Он вытащил руку из кармана вместе с Кольтом. «Человек-пистолет» несколько раз щёлкнул барабаном и замер. Можно было представить, как это будет, то есть в момент прицеливания и нажимания на курок, но «представление» получалось неправдивым, потому, что на самом деле, такой момент бывает моментом убивания чужой жизни. А именно этого представить не удавалось, т.е. убийства, хотя смерть была делом обычным и «вся» проблема заключалась лишь в том, чтобы перед выстрелом меньше думать.

Серёгин переложил револьвер во внутренний карман куртки, потом ощупал это место снаружи, опять достал револьвер, и сунул его за пояс под рубашку. Завершив, таким образом, манипуляции с оружием, Виктор не сильно толкнул Марию сапогом в бок.

Задумчивость, наряду со своим достоинством скрашивать какую угодно дорогу, да ещё в одиночестве, да ещё ночью, имела всё же один недостаток, а именно – отвлекала от мира этого, который требовал неусыпного внимания со стороны путника, да ещё ночью, да ещё в одиночестве.

Виктор привстал в седле, попробовал разглядеть нечто в дали, но всё равно ничего не увидел потому, что ничего и не было, кроме скучно растущего ельника, принимавшего очертания различных, угодных воображению форм.

Нужна была грань. Грань была сразу за поворотом, и любой ночью её можно было не пройти мимо, ввиду брошенного трактора, существовавшего тут с давно прошедших времён. Трактор вдавался насмерть заржавевшим скребком в бурьян.

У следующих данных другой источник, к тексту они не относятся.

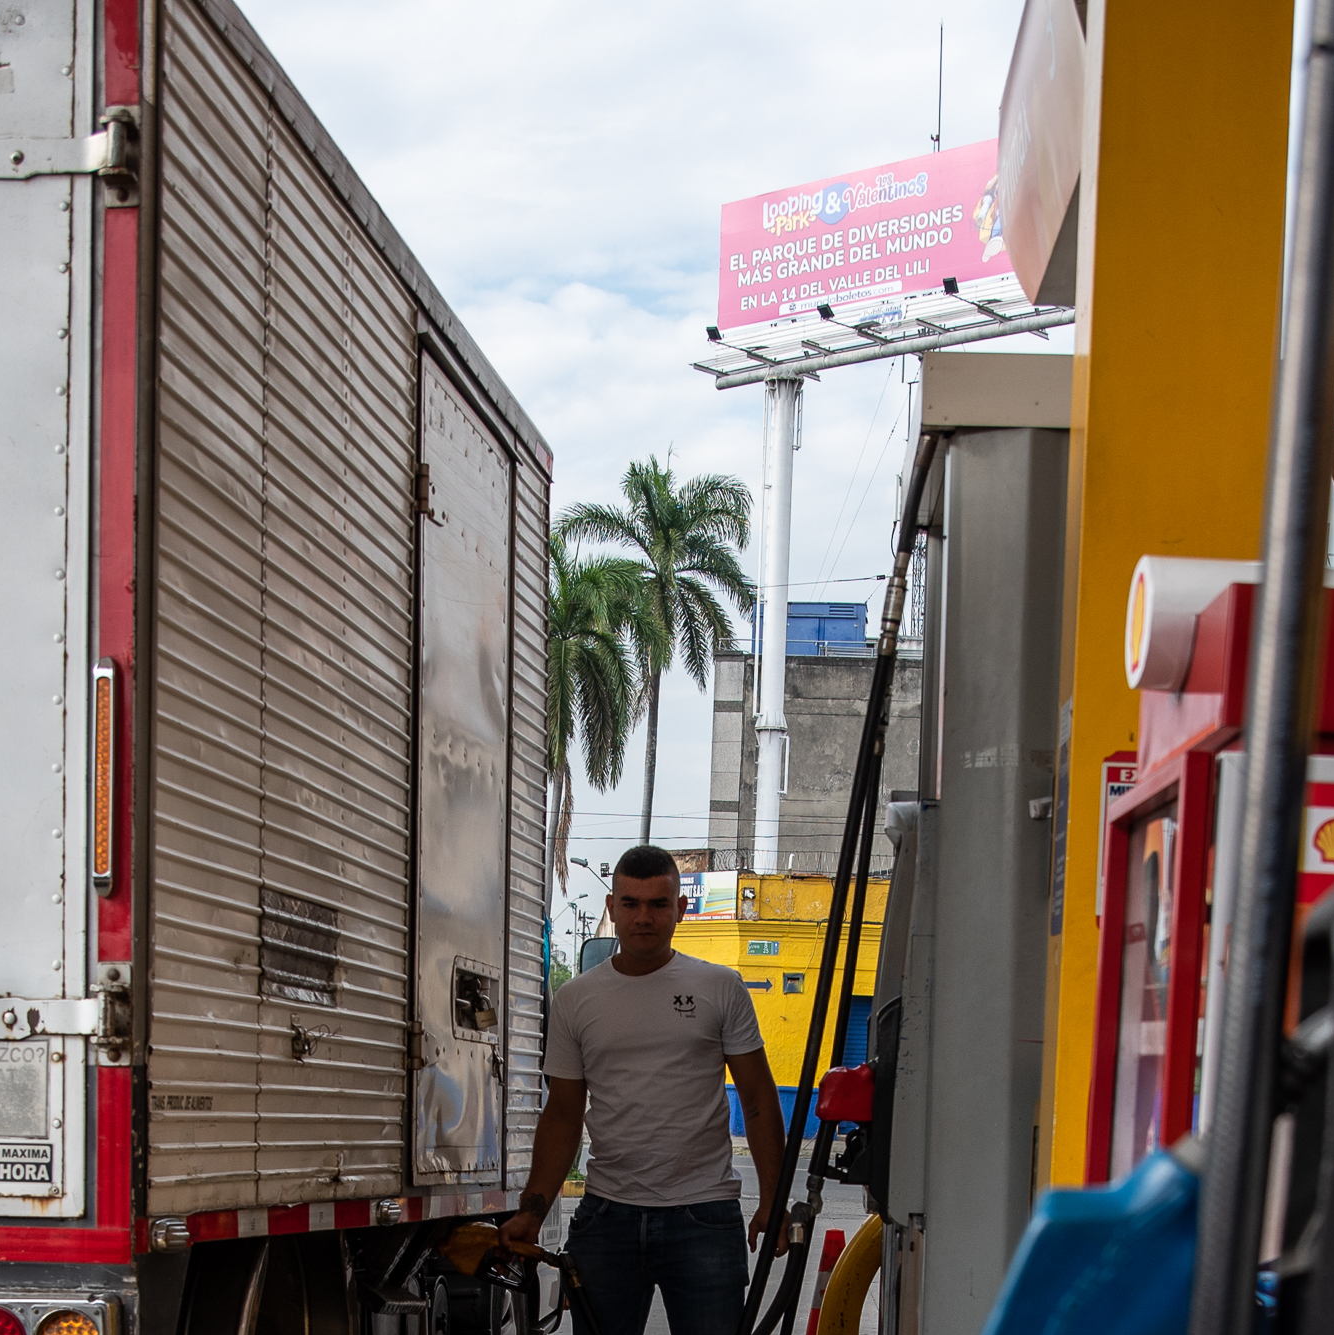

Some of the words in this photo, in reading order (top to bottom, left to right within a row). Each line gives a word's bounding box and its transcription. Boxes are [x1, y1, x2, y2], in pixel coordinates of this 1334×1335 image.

Потянув повод влево, Виктор ловко обогнул на Марии железное ночное чудовище и невольно вздрогнул от звука в лесу. Звук принадлежал движению зверя, не захотевшего встречаться с человеком в этот час.

Он отвлёкся от того расчёта времени и пути, который держал в голове для того чтобы успеть. Серёгин чувствовал, что сам не может ответить себе на вопрос, почему так важно успеть. Но успеть было нужно. До «сарайчика» Анечкина оставалось чуть больше часа лошадиной ходьбы. На часах было двенадцать минут третьего двадцать седьмого ноября тринадцатого года.

 

Последний разговор происходил очень странно, и потому помнился несколькими деталями. Первой деталью было Павлушино дурное настроение. Он сидел на своём топчане, покрытом старым верблюжьим одеялом, и говорил всякие колкости и цитаты из классиков философского жанра. И это было второй деталью. Серёгин долго не мог тогда подобрать подходящих слов и, молча, выслушивал Павлушины колкости. Он не подал виду, что почти обиделся на Павлушу за сказанное вслух, но вовремя себя одёрнул и даже решил поговорить как-то с Нюдиным, чтобы тот прекратил свои издевательства в Павлушином направлении…

«Видишь, как вышло», – сказал Серёгин самому себе вслух, потому что всё, что он мог сейчас сказать, мог сказать лишь себе, той пустоте, которая его окружала, или Марии. Но Марии было всё это неинтересным. Она честно шагала во тьме по проломанной грани, непонятным способом находя место пригодное для следующего шага. Шаг за шагом.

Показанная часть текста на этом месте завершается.